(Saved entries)
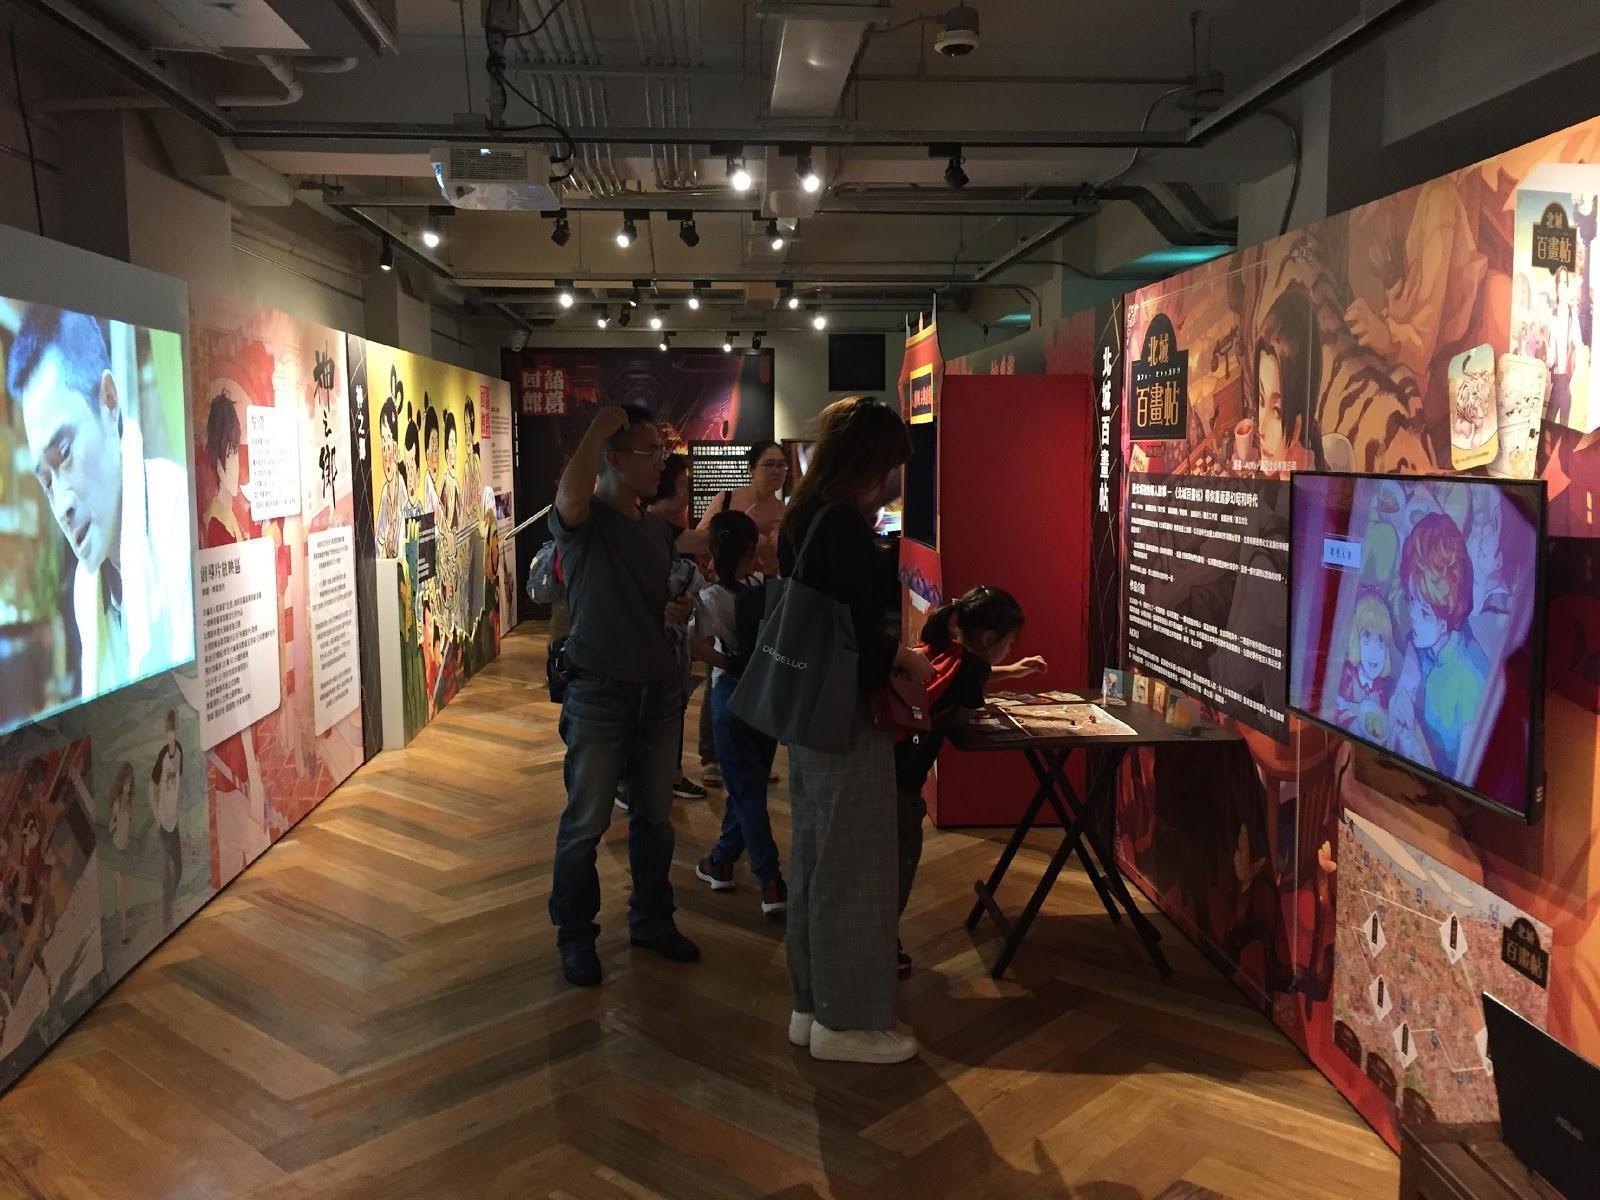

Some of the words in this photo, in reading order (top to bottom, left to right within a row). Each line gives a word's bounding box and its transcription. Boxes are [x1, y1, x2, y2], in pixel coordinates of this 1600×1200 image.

[1148, 333, 1169, 367] 北城
[1136, 380, 1180, 428] 百畫帖
[1099, 345, 1112, 513] 北城百畫帖
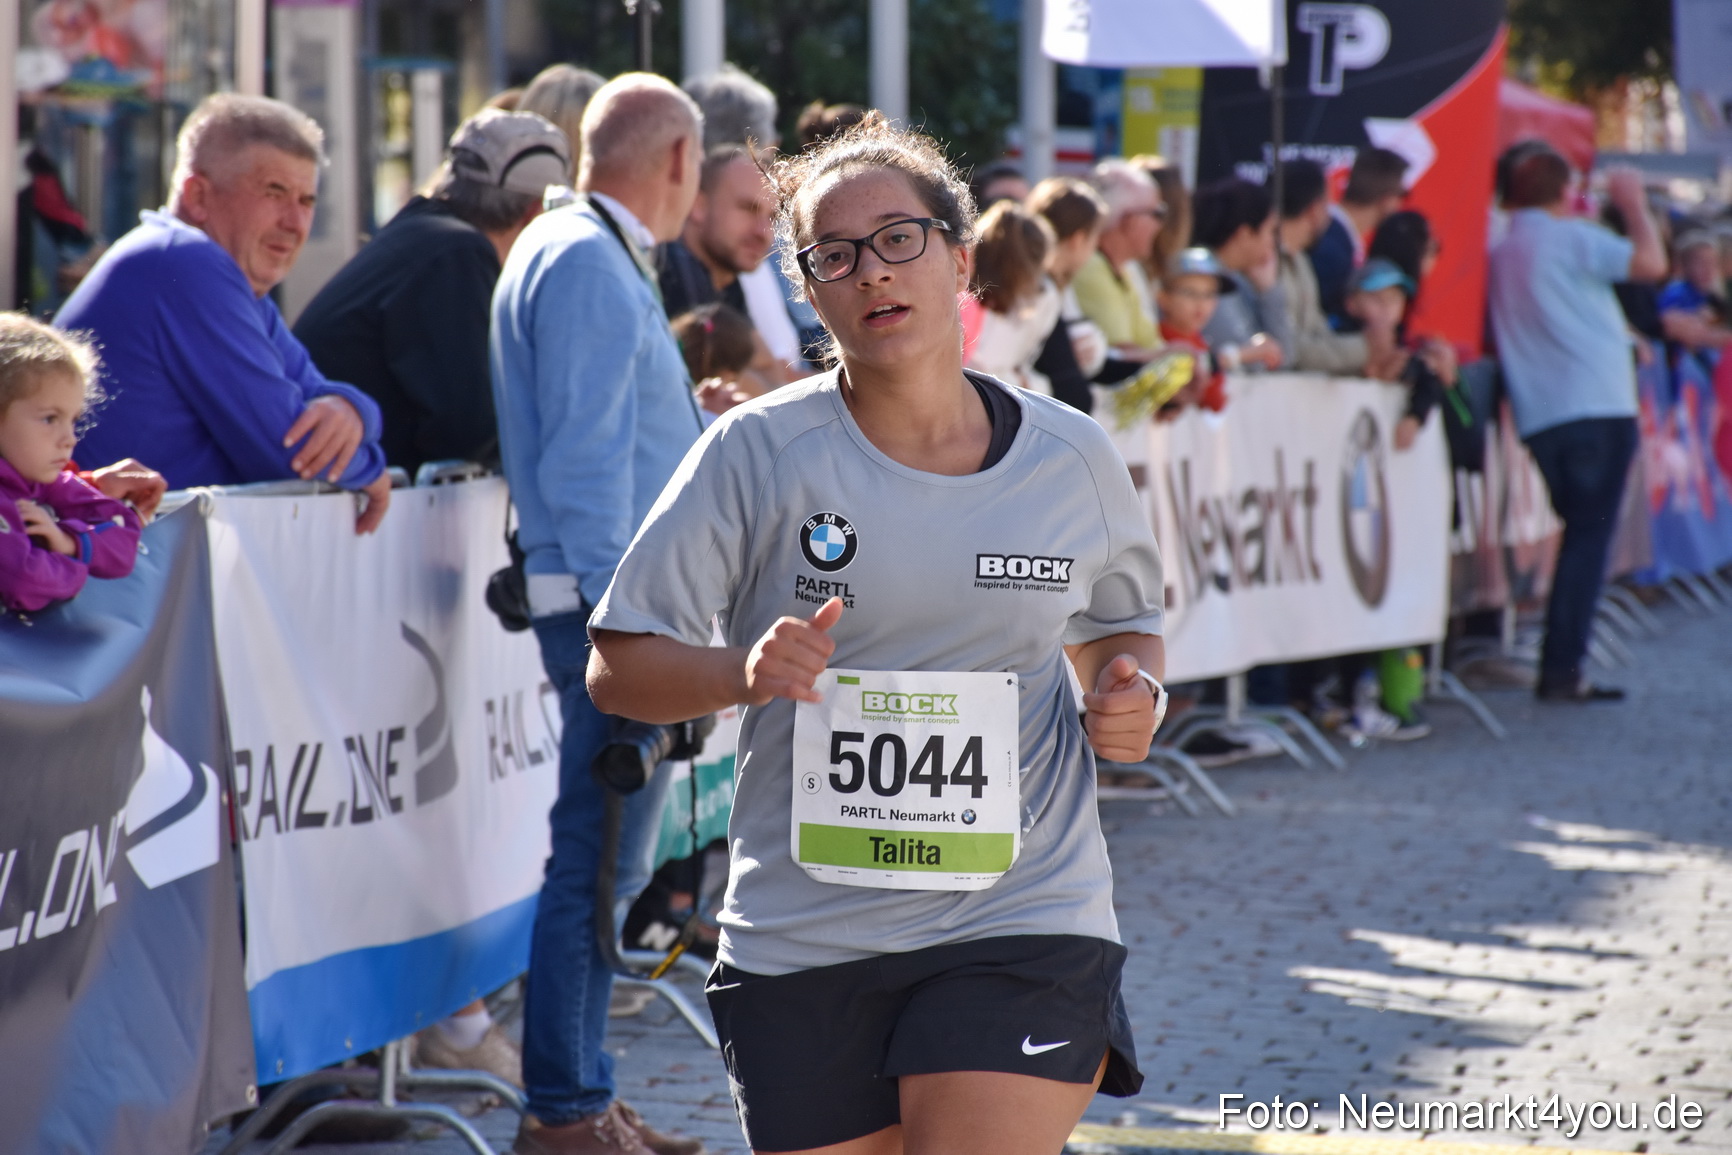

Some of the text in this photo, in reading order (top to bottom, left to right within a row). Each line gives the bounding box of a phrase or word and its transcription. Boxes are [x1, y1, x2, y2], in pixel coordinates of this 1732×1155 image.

[806, 513, 855, 537] BMW
[976, 553, 1075, 583] BOCK
[796, 574, 855, 598] PARTL
[974, 580, 1010, 590] inspired
[1012, 582, 1023, 591] by
[1025, 584, 1046, 592] smart
[795, 589, 855, 609] Neumkt
[862, 691, 958, 716] BOCK
[861, 713, 891, 722] inspired
[893, 715, 902, 724] by
[927, 717, 960, 725] concepts
[828, 730, 989, 799] 5044
[807, 777, 816, 790] S
[840, 805, 956, 823] PARTL Neumarkt
[869, 836, 941, 865] Talita
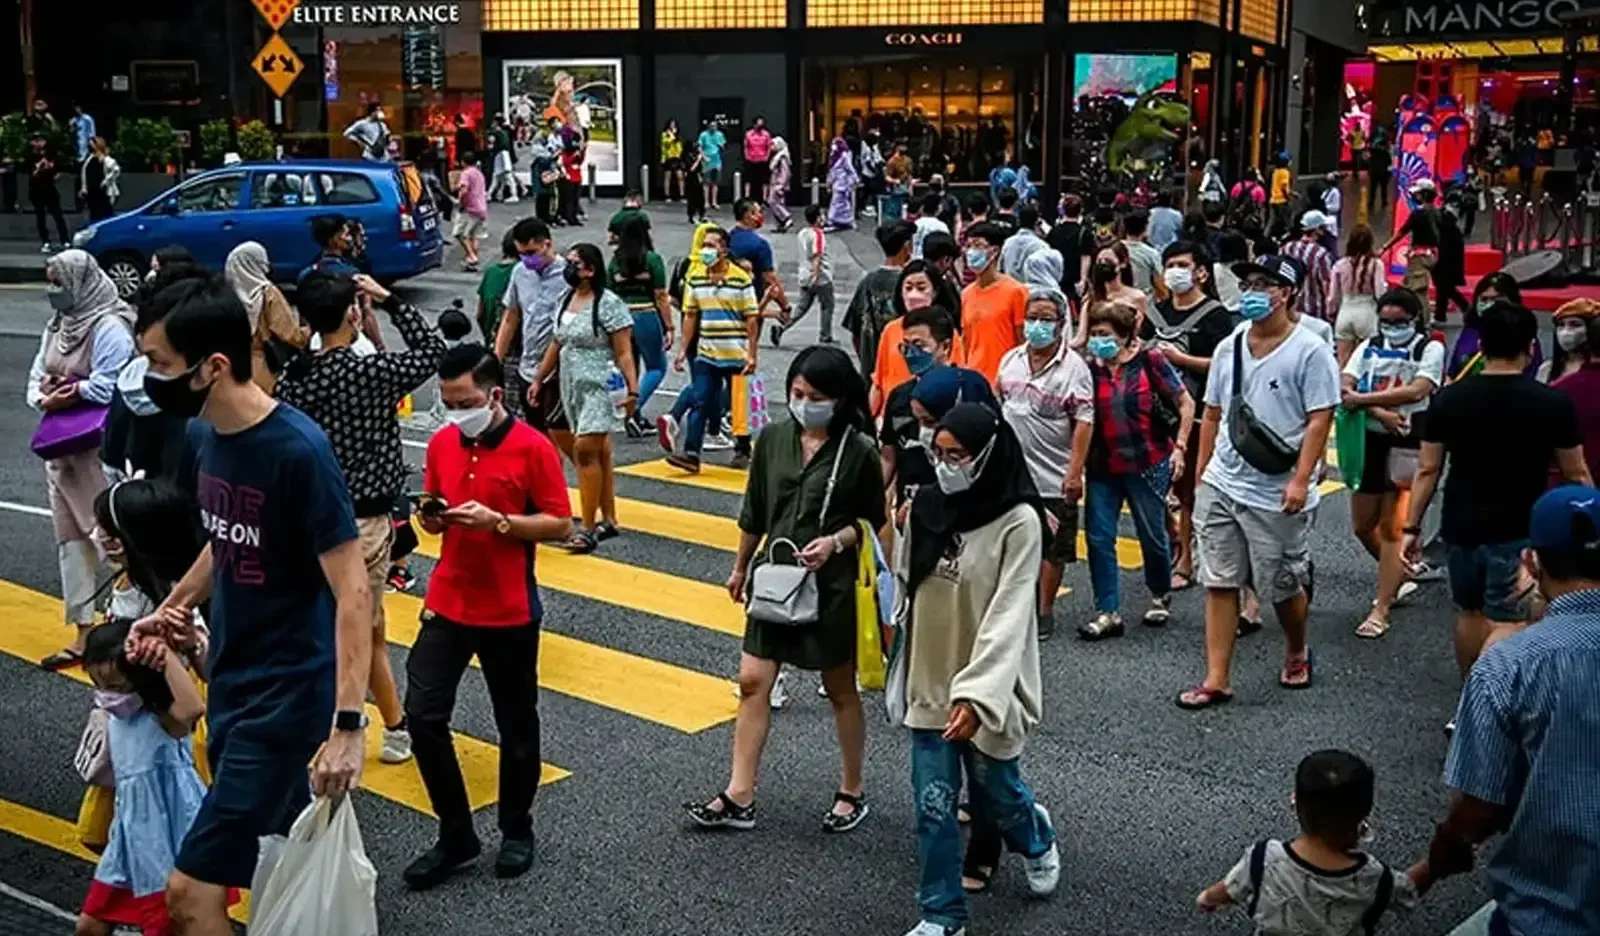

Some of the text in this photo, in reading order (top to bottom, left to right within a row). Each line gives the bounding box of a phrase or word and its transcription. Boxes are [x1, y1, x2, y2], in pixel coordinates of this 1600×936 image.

[293, 4, 460, 23] ELITE ENTRANCE
[1405, 0, 1580, 33] MANGO
[885, 32, 962, 45] COACH
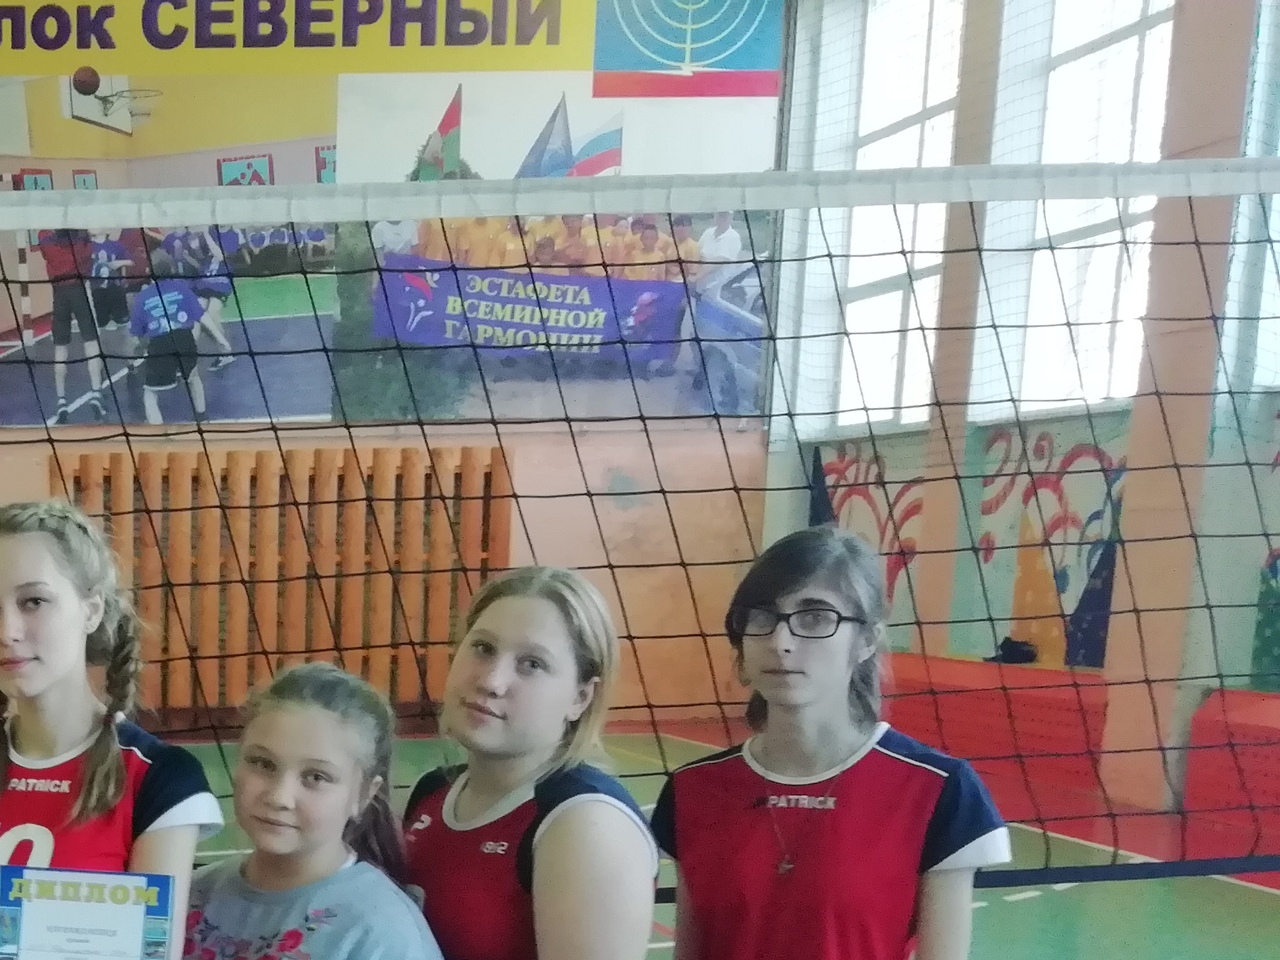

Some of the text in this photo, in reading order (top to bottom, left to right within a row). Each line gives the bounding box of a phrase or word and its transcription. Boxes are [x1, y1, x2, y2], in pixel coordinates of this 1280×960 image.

[464, 274, 592, 305] ЭСТАФЕТА
[445, 295, 607, 329] ВСЕМИРНОЙ
[8, 777, 72, 793] PATRICK
[767, 795, 837, 810] PATRICK
[9, 878, 159, 907] ДИПЛОМ
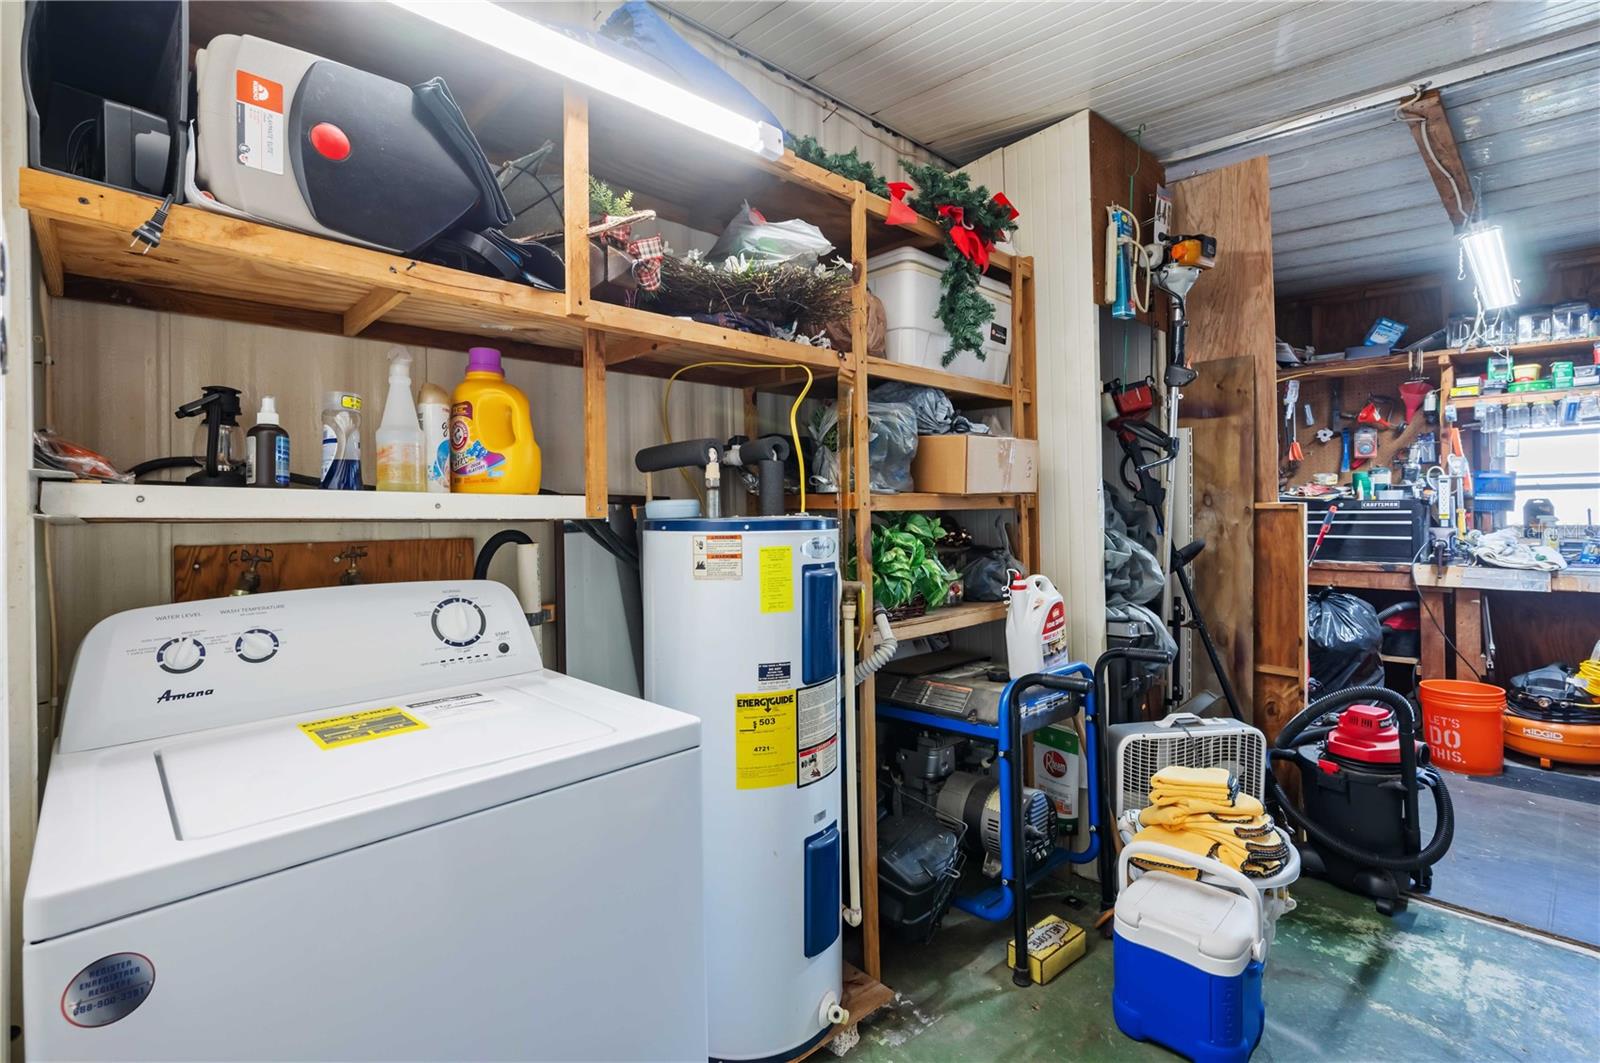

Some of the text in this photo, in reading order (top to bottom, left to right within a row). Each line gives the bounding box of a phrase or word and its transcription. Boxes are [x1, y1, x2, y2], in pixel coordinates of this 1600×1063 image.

[242, 604, 285, 613] TEMPERATURE
[156, 689, 214, 704] Amana
[737, 694, 794, 708] ENERGYGUIDE
[1428, 714, 1460, 729] LET'S
[1430, 725, 1462, 749] DO
[1522, 727, 1564, 740] RIDGID
[1431, 745, 1467, 764] THIS.
[1044, 752, 1067, 774] Rheem
[1028, 923, 1065, 949] WELCOME
[88, 960, 132, 978] REGISTER

What the exercise asks: With the pictures omitted, the entries are to be transcribed in full, exactly as they appear.

Result of this exercise:
Some of the words in this photo, in reading order (top to bottom, left to right within a row). Each line gives a word's bounding box and its transcription. Boxes are [x1, y1, x2, y2], in pixel coordinates of this 1600×1200 image.

[1148, 333, 1169, 367] 北城
[1136, 380, 1180, 428] 百畫帖
[1099, 345, 1112, 513] 北城百畫帖

Some of the text in this photo, in reading order (top to bottom, left to right within a row). Each line gives the bounding box of a phrase or word and its transcription. Boxes are [x1, y1, x2, y2], in pixel coordinates of this 1732×1155 image.

[806, 513, 855, 537] BMW
[976, 553, 1075, 583] BOCK
[796, 574, 855, 598] PARTL
[974, 580, 1010, 590] inspired
[1012, 582, 1023, 591] by
[1025, 584, 1046, 592] smart
[795, 589, 855, 609] Neumkt
[862, 691, 958, 716] BOCK
[861, 713, 891, 722] inspired
[893, 715, 902, 724] by
[927, 717, 960, 725] concepts
[828, 730, 989, 799] 5044
[807, 777, 816, 790] S
[840, 805, 956, 823] PARTL Neumarkt
[869, 836, 941, 865] Talita

Some of the text in this photo, in reading order (top to bottom, left to right within a row). Each line gives the bounding box of a phrase or word and its transcription. Boxes are [x1, y1, x2, y2], in pixel coordinates of this 1600×936 image.

[293, 4, 460, 23] ELITE ENTRANCE
[1405, 0, 1580, 33] MANGO
[885, 32, 962, 45] COACH

Some of the text in this photo, in reading order (top to bottom, left to right within a row). Each line gives the bounding box of a phrase or word and its transcription. Boxes are [x1, y1, x2, y2], in pixel coordinates of this 1280×960 image.

[464, 274, 592, 305] ЭСТАФЕТА
[445, 295, 607, 329] ВСЕМИРНОЙ
[8, 777, 72, 793] PATRICK
[767, 795, 837, 810] PATRICK
[9, 878, 159, 907] ДИПЛОМ

Some of the text in this photo, in reading order (top to bottom, left to right within a row). Each line gives the bounding box of a phrase or word and its transcription. Boxes are [x1, y1, x2, y2], in pixel coordinates of this 1600×1063 image.

[242, 604, 285, 613] TEMPERATURE
[156, 689, 214, 704] Amana
[737, 694, 794, 708] ENERGYGUIDE
[1428, 714, 1460, 729] LET'S
[1430, 725, 1462, 749] DO
[1522, 727, 1564, 740] RIDGID
[1431, 745, 1467, 764] THIS.
[1044, 752, 1067, 774] Rheem
[1028, 923, 1065, 949] WELCOME
[88, 960, 132, 978] REGISTER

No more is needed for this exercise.